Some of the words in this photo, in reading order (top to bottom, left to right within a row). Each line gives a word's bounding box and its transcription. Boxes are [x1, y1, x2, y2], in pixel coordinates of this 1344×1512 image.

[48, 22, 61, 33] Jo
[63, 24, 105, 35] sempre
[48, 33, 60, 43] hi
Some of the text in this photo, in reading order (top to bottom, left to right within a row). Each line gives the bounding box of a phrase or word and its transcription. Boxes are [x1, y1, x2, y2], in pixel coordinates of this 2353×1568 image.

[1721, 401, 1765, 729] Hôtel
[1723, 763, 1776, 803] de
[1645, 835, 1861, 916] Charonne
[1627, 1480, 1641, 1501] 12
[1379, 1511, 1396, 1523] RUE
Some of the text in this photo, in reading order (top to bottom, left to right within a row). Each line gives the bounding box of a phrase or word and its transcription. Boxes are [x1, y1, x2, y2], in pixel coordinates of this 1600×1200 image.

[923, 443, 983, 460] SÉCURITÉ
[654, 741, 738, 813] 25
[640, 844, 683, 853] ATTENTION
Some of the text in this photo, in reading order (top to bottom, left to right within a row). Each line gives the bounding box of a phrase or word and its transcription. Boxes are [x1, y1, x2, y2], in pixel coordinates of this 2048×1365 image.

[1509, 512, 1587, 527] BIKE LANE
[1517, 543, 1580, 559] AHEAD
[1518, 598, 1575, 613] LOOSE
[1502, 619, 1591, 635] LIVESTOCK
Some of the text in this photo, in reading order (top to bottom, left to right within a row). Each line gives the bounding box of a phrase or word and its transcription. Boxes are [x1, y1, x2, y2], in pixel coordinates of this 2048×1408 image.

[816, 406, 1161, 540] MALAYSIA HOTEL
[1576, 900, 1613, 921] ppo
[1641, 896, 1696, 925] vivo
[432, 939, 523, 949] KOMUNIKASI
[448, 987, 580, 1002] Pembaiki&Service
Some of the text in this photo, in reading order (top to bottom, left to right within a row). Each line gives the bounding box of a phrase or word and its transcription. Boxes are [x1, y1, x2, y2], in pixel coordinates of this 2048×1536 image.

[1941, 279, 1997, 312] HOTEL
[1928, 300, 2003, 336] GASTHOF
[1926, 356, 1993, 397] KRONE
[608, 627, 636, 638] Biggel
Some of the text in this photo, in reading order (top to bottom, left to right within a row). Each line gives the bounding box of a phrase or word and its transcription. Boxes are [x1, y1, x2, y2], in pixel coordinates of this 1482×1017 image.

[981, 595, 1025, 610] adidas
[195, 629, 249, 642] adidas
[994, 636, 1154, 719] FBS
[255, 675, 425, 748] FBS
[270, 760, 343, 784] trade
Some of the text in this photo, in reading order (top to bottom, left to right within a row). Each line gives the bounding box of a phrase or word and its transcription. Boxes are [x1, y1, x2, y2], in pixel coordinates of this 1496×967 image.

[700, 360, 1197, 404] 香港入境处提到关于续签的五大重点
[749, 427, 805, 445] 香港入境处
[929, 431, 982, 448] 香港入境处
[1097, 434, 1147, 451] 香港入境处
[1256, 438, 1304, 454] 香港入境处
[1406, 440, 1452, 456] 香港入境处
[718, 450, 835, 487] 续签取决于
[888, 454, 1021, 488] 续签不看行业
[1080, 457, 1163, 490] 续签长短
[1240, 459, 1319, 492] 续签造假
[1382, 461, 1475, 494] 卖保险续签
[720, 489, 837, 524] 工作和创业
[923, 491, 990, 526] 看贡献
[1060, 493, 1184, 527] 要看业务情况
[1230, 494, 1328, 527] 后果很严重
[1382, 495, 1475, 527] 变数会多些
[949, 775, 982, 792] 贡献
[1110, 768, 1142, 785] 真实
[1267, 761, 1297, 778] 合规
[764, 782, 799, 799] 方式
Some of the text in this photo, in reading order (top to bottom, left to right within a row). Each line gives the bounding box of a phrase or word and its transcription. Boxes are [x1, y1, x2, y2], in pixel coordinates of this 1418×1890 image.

- - - -

## WHAT TO WORK ON
For this exercise, give the entries above again with no difference at all.

## SOLVED PROBLEM
Some of the words in this photo, in reading order (top to bottom, left to right within a row). Each line gives a word's bounding box and its transcription. Boxes are [x1, y1, x2, y2], in pixel coordinates of this 1344×1512 image.

[48, 22, 61, 33] Jo
[63, 24, 105, 35] sempre
[48, 33, 60, 43] hi
Some of the text in this photo, in reading order (top to bottom, left to right within a row). Each line gives the bounding box of a phrase or word and its transcription. Boxes are [x1, y1, x2, y2], in pixel coordinates of this 2353×1568 image.

[1721, 401, 1765, 729] Hôtel
[1723, 763, 1776, 803] de
[1645, 835, 1861, 916] Charonne
[1627, 1480, 1641, 1501] 12
[1379, 1511, 1396, 1523] RUE
Some of the text in this photo, in reading order (top to bottom, left to right within a row). Each line gives the bounding box of a phrase or word and its transcription. Boxes are [x1, y1, x2, y2], in pixel coordinates of this 1600×1200 image.

[923, 443, 983, 460] SÉCURITÉ
[654, 741, 738, 813] 25
[640, 844, 683, 853] ATTENTION
Some of the text in this photo, in reading order (top to bottom, left to right within a row). Each line gives the bounding box of a phrase or word and its transcription. Boxes are [x1, y1, x2, y2], in pixel coordinates of this 2048×1365 image.

[1509, 512, 1587, 527] BIKE LANE
[1517, 543, 1580, 559] AHEAD
[1518, 598, 1575, 613] LOOSE
[1502, 619, 1591, 635] LIVESTOCK
Some of the text in this photo, in reading order (top to bottom, left to right within a row). Each line gives the bounding box of a phrase or word and its transcription. Boxes are [x1, y1, x2, y2], in pixel coordinates of this 2048×1408 image.

[816, 406, 1161, 540] MALAYSIA HOTEL
[1576, 900, 1613, 921] ppo
[1641, 896, 1696, 925] vivo
[432, 939, 523, 949] KOMUNIKASI
[448, 987, 580, 1002] Pembaiki&Service
Some of the text in this photo, in reading order (top to bottom, left to right within a row). Each line gives the bounding box of a phrase or word and its transcription. Boxes are [x1, y1, x2, y2], in pixel coordinates of this 2048×1536 image.

[1941, 279, 1997, 312] HOTEL
[1928, 300, 2003, 336] GASTHOF
[1926, 356, 1993, 397] KRONE
[608, 627, 636, 638] Biggel
Some of the text in this photo, in reading order (top to bottom, left to right within a row). Each line gives the bounding box of a phrase or word and its transcription. Boxes are [x1, y1, x2, y2], in pixel coordinates of this 1482×1017 image.

[981, 595, 1025, 610] adidas
[195, 629, 249, 642] adidas
[994, 636, 1154, 719] FBS
[255, 675, 425, 748] FBS
[270, 760, 343, 784] trade
Some of the text in this photo, in reading order (top to bottom, left to right within a row). Each line gives the bounding box of a phrase or word and its transcription. Boxes are [x1, y1, x2, y2], in pixel coordinates of this 1496×967 image.

[700, 360, 1197, 404] 香港入境处提到关于续签的五大重点
[749, 427, 805, 445] 香港入境处
[929, 431, 982, 448] 香港入境处
[1097, 434, 1147, 451] 香港入境处
[1256, 438, 1304, 454] 香港入境处
[1406, 440, 1452, 456] 香港入境处
[718, 450, 835, 487] 续签取决于
[888, 454, 1021, 488] 续签不看行业
[1080, 457, 1163, 490] 续签长短
[1240, 459, 1319, 492] 续签造假
[1382, 461, 1475, 494] 卖保险续签
[720, 489, 837, 524] 工作和创业
[923, 491, 990, 526] 看贡献
[1060, 493, 1184, 527] 要看业务情况
[1230, 494, 1328, 527] 后果很严重
[1382, 495, 1475, 527] 变数会多些
[949, 775, 982, 792] 贡献
[1110, 768, 1142, 785] 真实
[1267, 761, 1297, 778] 合规
[764, 782, 799, 799] 方式
Some of the text in this photo, in reading order (top to bottom, left to right within a row). Each line gives the bounding box of a phrase or word and its transcription. Boxes are [x1, y1, x2, y2], in pixel coordinates of this 1418×1890 image.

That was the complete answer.